When continuity is harmed, the results are decreased quality, additional visits and hidden costs.
Fam Pract Manag. 2000;7(10):44
With health systems rapidly realigning and employers annually rebidding their insurance contracts, the doctor-patient relationship is being disrupted as never before. “My insurance changed” is a common refrain among patients as they leave a practice to seek care from a doctor who is on “the list” of participating providers in their new insurance plan. But how prevalent is this forced disruption in continuity of care? Does it affect the quality of primary care patients receive?
Study findings
These questions were addressed in a study of 1,839 commercially insured patients seeing 138 family physicians in Northeast Ohio as part of the Direct Observation of Primary Care Study. Twenty-four percent of patients with a managed care insurance plan reported they had been forced to change family doctors in the previous three years because of an insurance change. Although patients with managed care and fee-for-service insurance had similar perceptions of the quality of primary care they received, those patients who were forced to change family physicians reported lower scores on all five measures of the quality of their primary care:1
Interpersonal communication: Is information exchanged easily between the patient and the physician?
The physician's knowledge of the patient: Has the physician accumulated information about the patient's medical history, family medical history and health needs and values?
Coordination of care: Does the physician incorporate information from referrals and previous visits into the patient's current and future medical care?
A preference for seeing their regular physician: Does the patient feel he or she can go to the physician for almost all problems?
Continuity of care: Of all visits made by the patient in a given year, how many were with the patient's regular physician?
A separate study found that patients who were forced to change family doctors because of an insurance change made extra visits to both their old and new doctors as they attempted to maintain continuity and get their immediate health care needs met. Patients who were older, who had a longer, more established relationship with a physician, or who were in the middle of a work-up for a medical problem found this transition particularly difficult.2
Take-away lessons
These studies show that forced discontinuity engendered by insurance changes not only has an impact on patients' quality of care, but it can also lead to extra visits and hidden costs. Furthermore, these effects are likely to be multiplied many times over, since an insurance change often forces all members of a family to change physicians. The disruption is particularly difficult for older patients and those in the process of receiving care.

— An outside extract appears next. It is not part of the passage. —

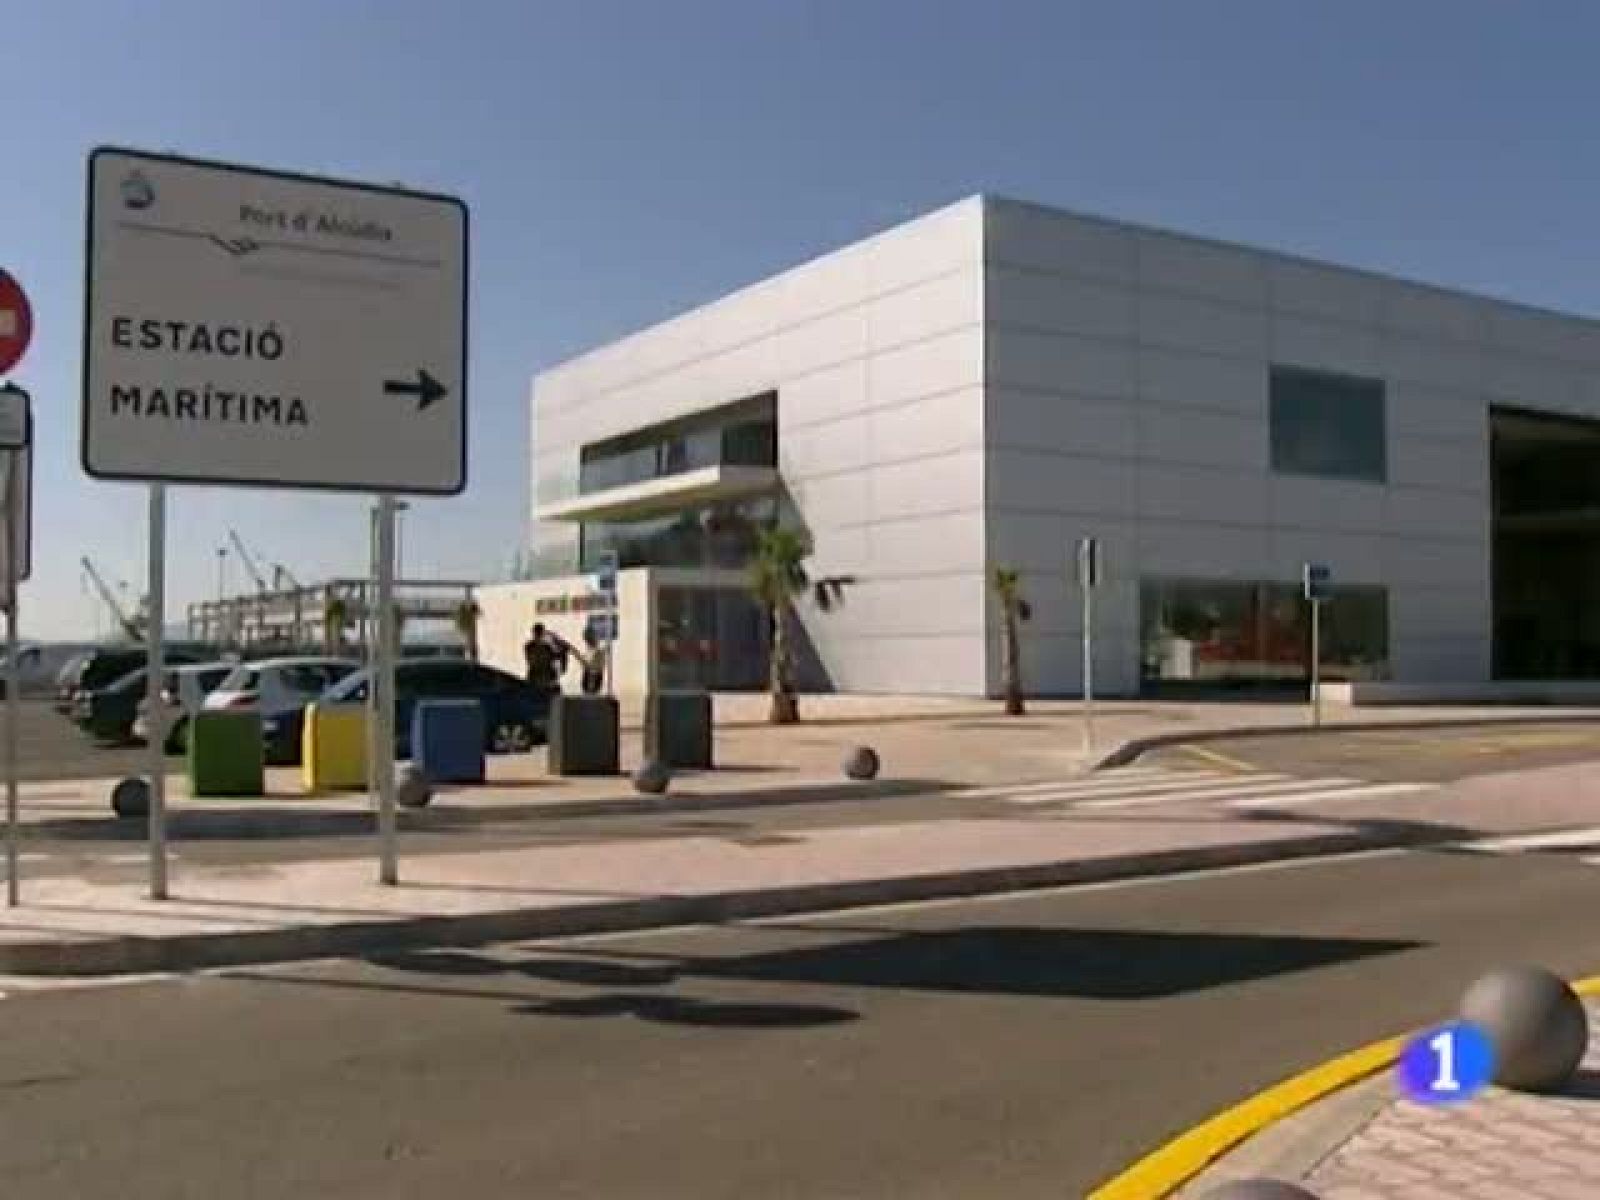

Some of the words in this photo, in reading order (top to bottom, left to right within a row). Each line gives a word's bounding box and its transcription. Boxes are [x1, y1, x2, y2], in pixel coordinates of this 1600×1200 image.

These findings raise questions about the true costs and benefits of employers annually rebidding their health insurance contracts. Family physicians can use this information to encourage health systems, insurers and employers to develop systems that foster, rather than disrupt, the doctor-patient relationship.

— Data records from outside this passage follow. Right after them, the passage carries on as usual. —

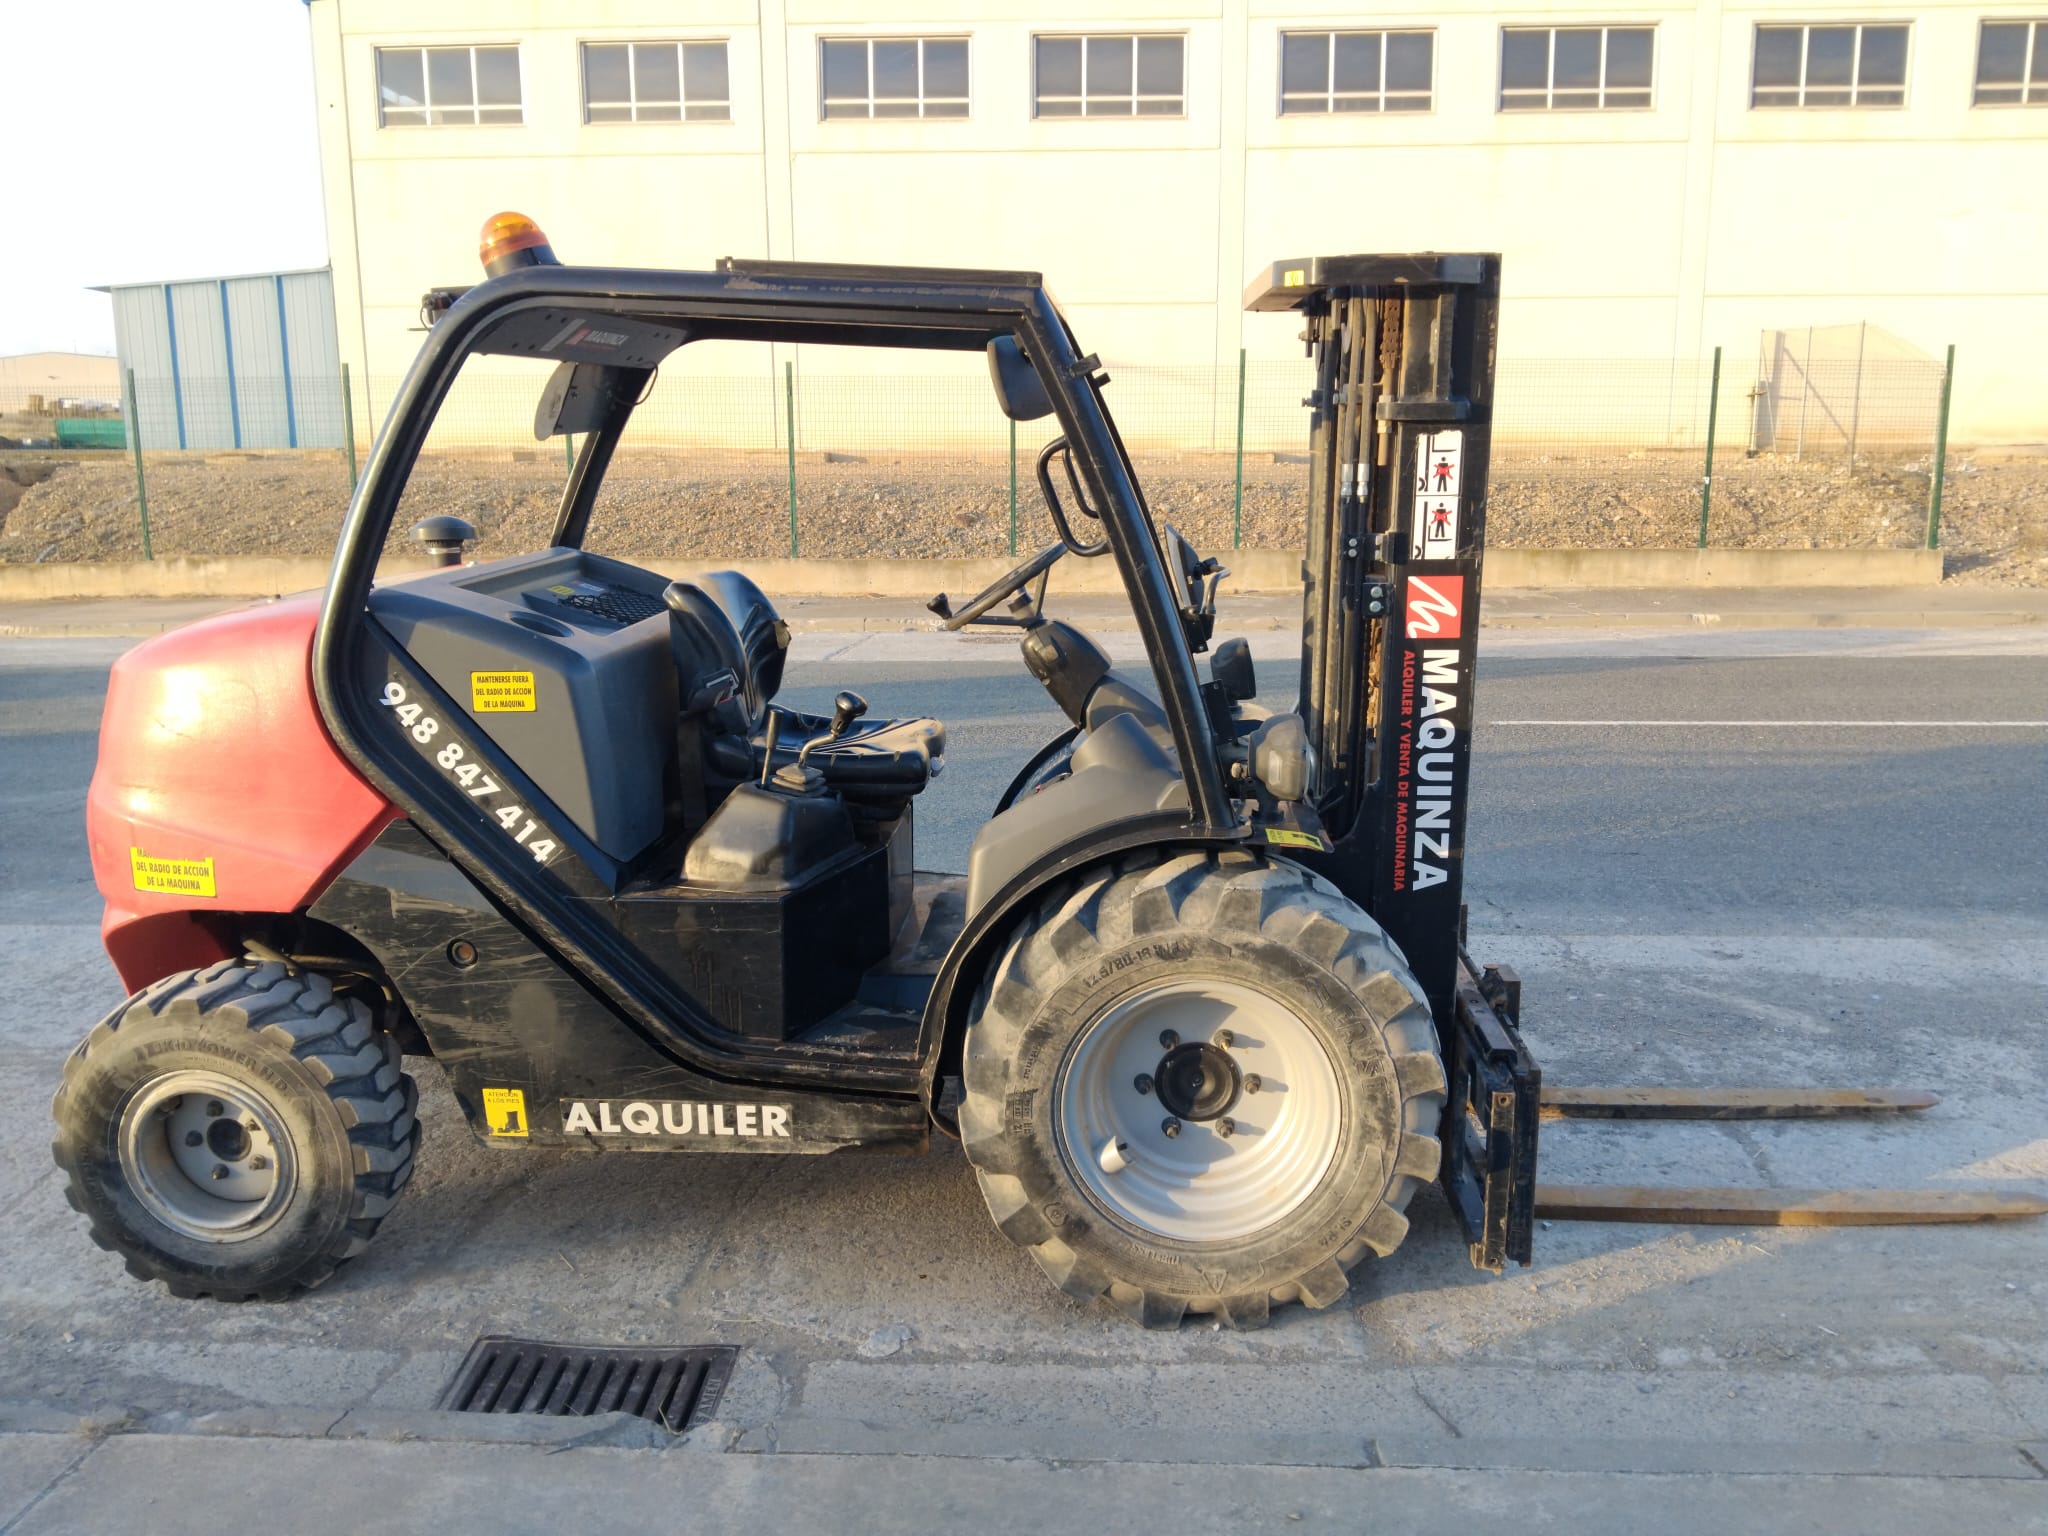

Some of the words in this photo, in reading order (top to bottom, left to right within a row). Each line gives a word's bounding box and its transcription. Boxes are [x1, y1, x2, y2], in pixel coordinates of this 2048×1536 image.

[476, 675, 510, 683] MANTENERSE
[512, 675, 529, 683] FUERA
[1401, 650, 1416, 715] ALQUILER
[475, 688, 485, 696] DEL
[487, 688, 503, 696] RADIO
[505, 688, 511, 696] DE
[483, 700, 491, 708] DE
[491, 700, 499, 708] LA
[1400, 720, 1412, 728] Y
[1398, 733, 1411, 777] VENTA
[379, 681, 439, 744] 948
[436, 742, 501, 797] 847
[495, 805, 557, 863] 414
[1412, 650, 1460, 891] MAQUINZA
[1397, 781, 1409, 798] DE
[1393, 802, 1409, 892] MAQUINARIA
[136, 861, 148, 872] DEL
[149, 863, 171, 874] RADIO
[172, 865, 182, 875] DE
[184, 866, 210, 878] ACCION
[146, 876, 155, 886] DE
[157, 878, 165, 887] LA
[167, 878, 201, 891] MAQUINA
[564, 1102, 791, 1137] ALQUILER

Illuminating the ‘black box’ of primary care
This article continues our series offering practical lessons from the Direct Observation of Primary Care (DOPC) Study, which was funded by the National Institutes of Health and conducted by the Center for Research in Family Practice and Primary Care, with support from the AAFP. The study demonstrates the complexities of the patient visit, the demands of real-world practice and the value of primary care, issues that policymakers, the public and even clinicians have not fully understood. Researchers used a multi-method approach, including direct observation, to study 4,454 patient visits to 138 family physicians in 84 practice sites.